Alle kinderen worden gezien en gekend

Alle kinderen worden gezien en gekend

Zorg en aandacht voor leerlingen

Alle kinderen worden gezien en gekend

“Elk kind heeft er recht op gekend te worden”, vertelt Lian Lobbezoo gepassioneerd. Zij is Intern Begeleider (IB’er) voor groep 1 t/m 4 en Jan Matthijs Hulsman is dat voor de groepen 5 t/m 8. “Zorg beperkt zich op onze school niet tot leerlingen die extra ondersteuning of extra uitdaging nodig hebben. Wij hebben zorg voor alle leerlingen. Dat begint bij belangstelling en liefde voor het kind, zoals dat door Jezus aan ons is voorgeleefd. Die aandacht hebben we ook voor ouders en voor elkaar.”

Image

Aandacht begint met verbinding

Lian en Jan Matthijs vinden het belangrijk om zichtbaar te zijn voor de leerlingen, ouders en collega’s: “Je kunt te allen tijde bij ons binnenlopen.” De IB’ers lopen vaak zelf de groepen in tijdens schooltijd. “Dan schuif ik aan, stel een vraag of doe mee met de les. De leerkrachten betrekken mij daar actief bij. Die aandacht geef ik niet op basis van leerbehoefte. Elk kind verdient die aandacht. Wanneer een leerling extra ondersteuning of uitdaging nodig heeft, is dat helemaal niet uitzonderlijk. Dat is gewoon de manier waarop we met elkaar omgaan op school.”

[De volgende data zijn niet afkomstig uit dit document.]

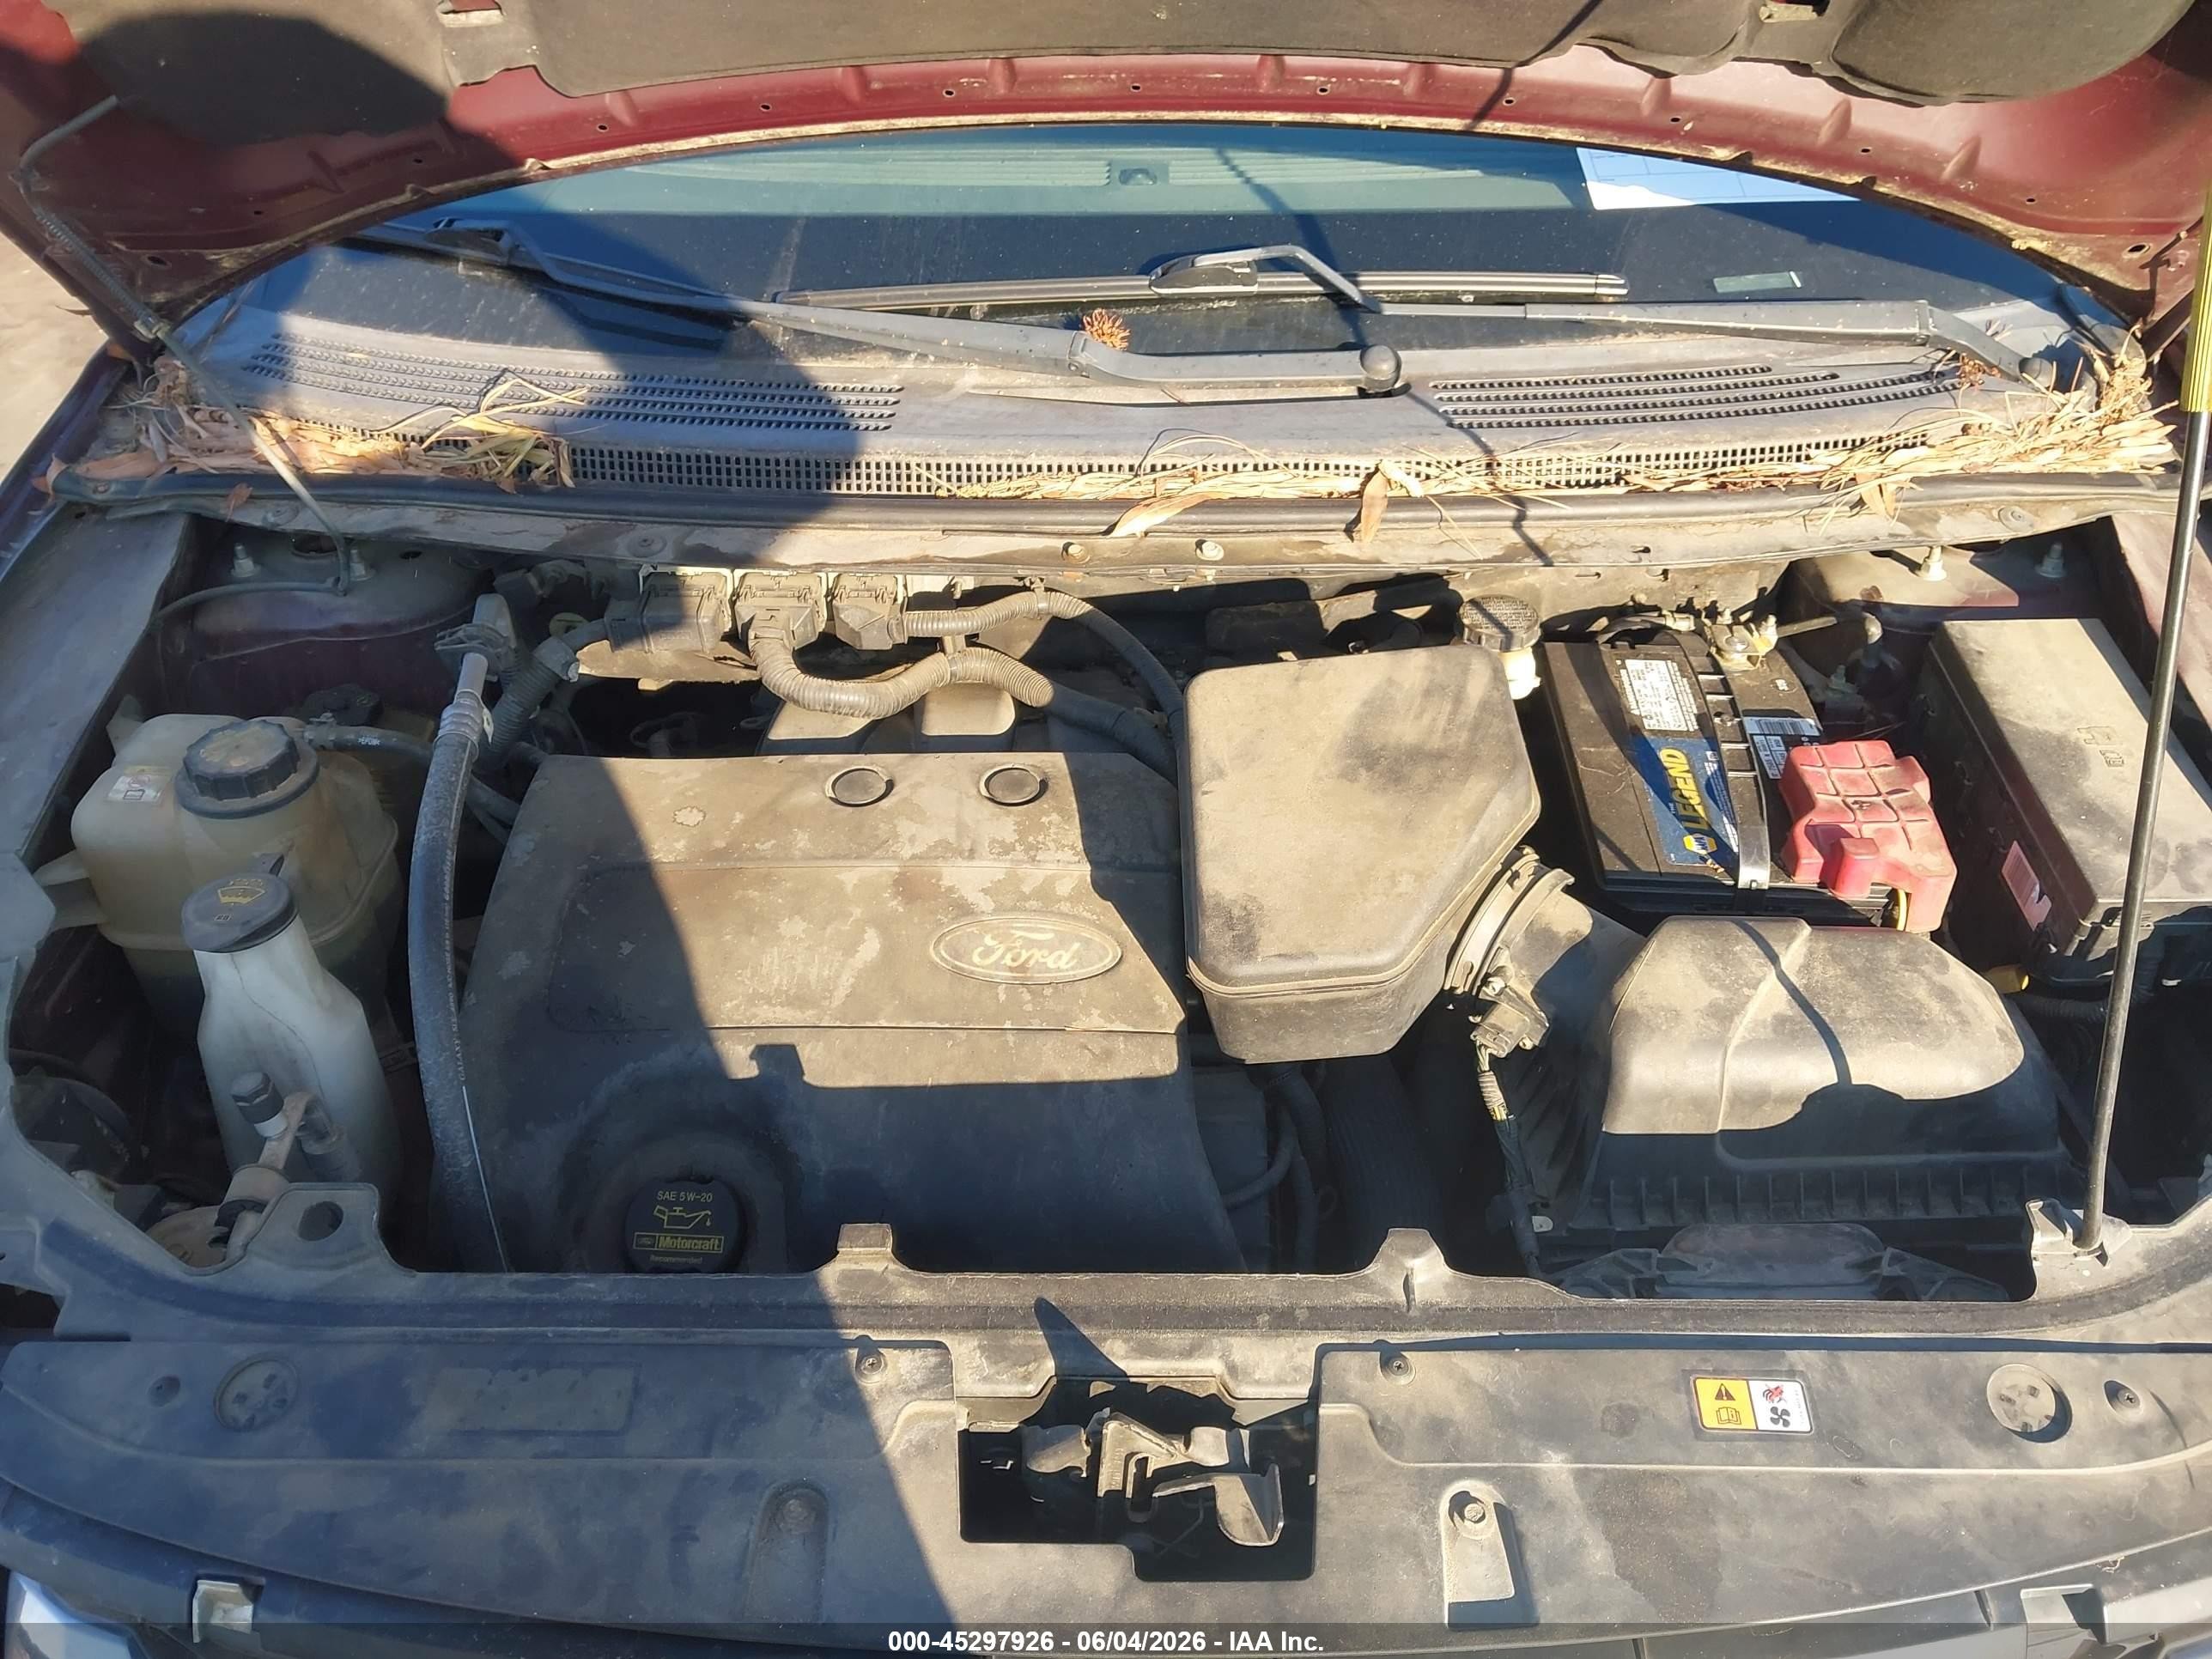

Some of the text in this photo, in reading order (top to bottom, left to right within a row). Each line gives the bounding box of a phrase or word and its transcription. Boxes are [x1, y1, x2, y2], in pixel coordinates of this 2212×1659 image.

“Wij hebben zorg en aandacht voor álle leerlingen.”

Zorg in en buiten de klas

“Een leerling kan hulp krijgen bij het verwerken van de les, kan een verlengde instructie krijgen of een extra uitdagende instructie. Deze hulp wordt veelal geboden door onze onderwijsassistenten. We hebben specialisten voor Passend Onderwijs of voor motoriek, maar regelmatig biedt een onderwijsassistent ook gewoon extra handen in de klas tijdens de werkles”, vertelt Lian. “De ondersteuning wordt altijd aan groepjes kleuters gegeven, zodat leerlingen elkaar stimuleren en zich niet alleen voelen. Ondersteuning richt zich voornamelijk op de motoriek. Als een leerling controle heeft over de fijne en grove motoriek komt het vaak goed tot leren. Bewegend leren is bij ons daarom ook een belangrijke werkvorm. Twee keer per week is er een fysiotherapeut op school om ondersteuning te bieden. Daarnaast kunnen we gebruik maken van het CJG, psycho-motorische therapeuten, de logopedie-screening van de GGD en meer externe partijen.”

Doorgaande lijn

“In groep 1 en 2 gaat het vooral om ervaren, doen en concreet bezig zijn. De leerlingen werken in groepjes of krijgen instructie. Deze werkwijze wordt uitgebreid in de midden- en bovenbouw met behulp van EDI.” Jan Matthijs vult aan: “Om de onderwijsbehoefte goed in de gaten te houden, maken we gebruik van allerlei hulpmiddelen om leerlingen te volgen. Een van die hulpmiddelen is de READ-cyclus van Leeruniek. De Resultaten dienen als vertrekpunt en vertellen wat het huidige niveau van de leerling is. Bij de Evaluatie kijken we naar wat de groei is geweest en hoe de leerling daar is gekomen. Hierdoor begrijpen we beter welke Aanpassingen er nodig zijn in de vervolgaanpak. Zo bepalen we wat we met deze leerlingen de komende periode gaan Doen.” Lian: “Bij de kleuters kijken we altijd eerst of er fysieke belemmeringen zijn om tot leren te komen. Specifiek voor kleuters maken we gebruik van Onderbouwd. Onze aanpak kenmerkt zich door rust en kalmte.”

Image
Image

Ouders en kind kennen

“We voeren een gesprek met ouders bij de aanmelding en maken gebruik van een entreeformulier. Indien nodig vindt er een warme overdracht plaats vanuit de peuterspeelzaal of de kinderopvang. Vanaf de start op school zijn kinderen goed in beeld en weten ouders dat ze bij ons terecht kunnen.” De IB’ers praten met vaste regelmaat samen met de leerkracht over de groepsontwikkeling. Lian vertelt dat kinderen zelf actief worden betrokken bij hun eigen ontwikkeling: “We vergelijken de leerling vooral met zichzelf en gaan daarover het gesprek aan. Het belangrijkst is dat ze zich veilig en vertrouwd voelen en vanuit dat startpunt hun grenzen durven te verkennen. Kinderen kunnen je dan echt positief verrassen!”